SQL Natural Language Query Assistant is a powerful Streamlit application that lets you interact with tabular data using everyday language instead of complex SQL queries. This tool bridges the gap between data analysis and natural language processing, making data exploration accessible to everyone, regardless of their SQL expertise.
- Natural Language to SQL Conversion: Ask questions about your data in plain English and get SQL queries automatically generated
- CSV Import: Upload any CSV file and instantly convert it to a queryable SQLite database
- Database Management: Create, store, and switch between multiple databases
- Interactive Results: View query results in interactive tables with sorting and filtering capabilities
- Dynamic Schema Analysis: Automatically adapts to any dataset structure
- Database Reference: Explore table structures and sample data for better understanding
Use natural language to quickly explore and understand new datasets:
- "What is the average age of customers by region?"
- "Show me the top 10 products by sales volume"
- "Count unique values in the status column"

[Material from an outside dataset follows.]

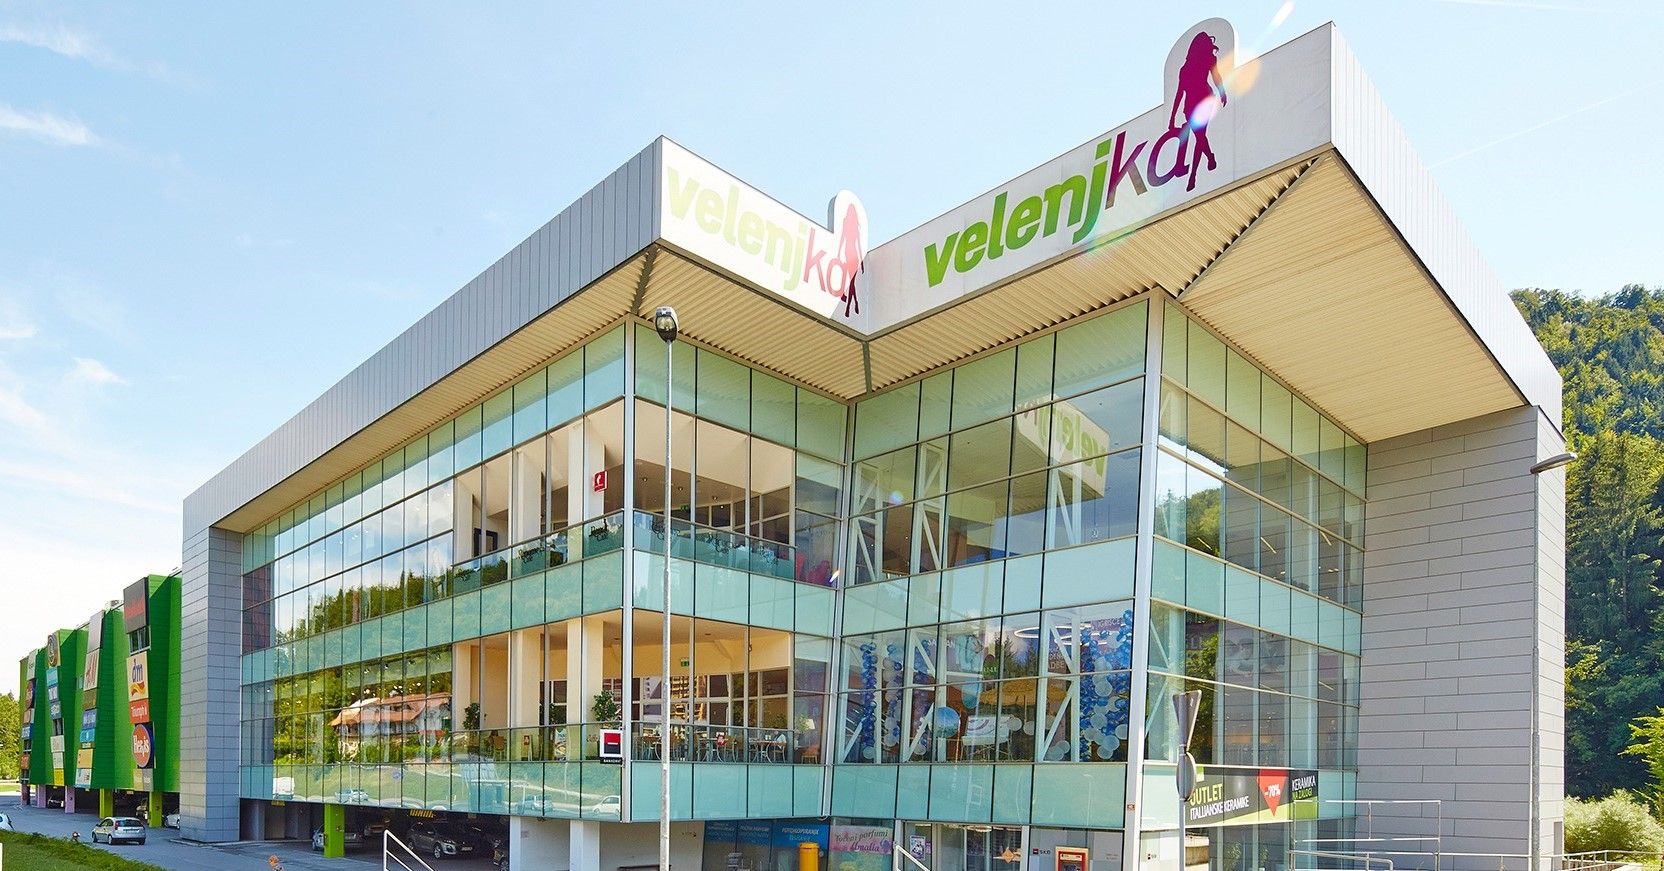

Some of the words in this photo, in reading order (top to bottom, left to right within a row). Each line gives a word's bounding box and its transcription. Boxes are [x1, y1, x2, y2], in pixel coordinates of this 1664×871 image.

[666, 166, 848, 304] velenjka
[924, 127, 1191, 289] velenjka
[132, 658, 144, 682] dm

Download datasets from Kaggle and immediately start exploring without writing SQL:
- Upload the CSV directly from your Kaggle download
- Get insights with simple questions
- Perform comparative analysis across different datasets
Identify data quality issues with natural language queries:
- "Find all records where price is null"
- "Show transactions with abnormal values"
- "Count missing values in each column"
Prepare data for visualization tools by querying specific subsets:
- "Extract all sales data from the last quarter"
- "Get customer data grouped by age bracket"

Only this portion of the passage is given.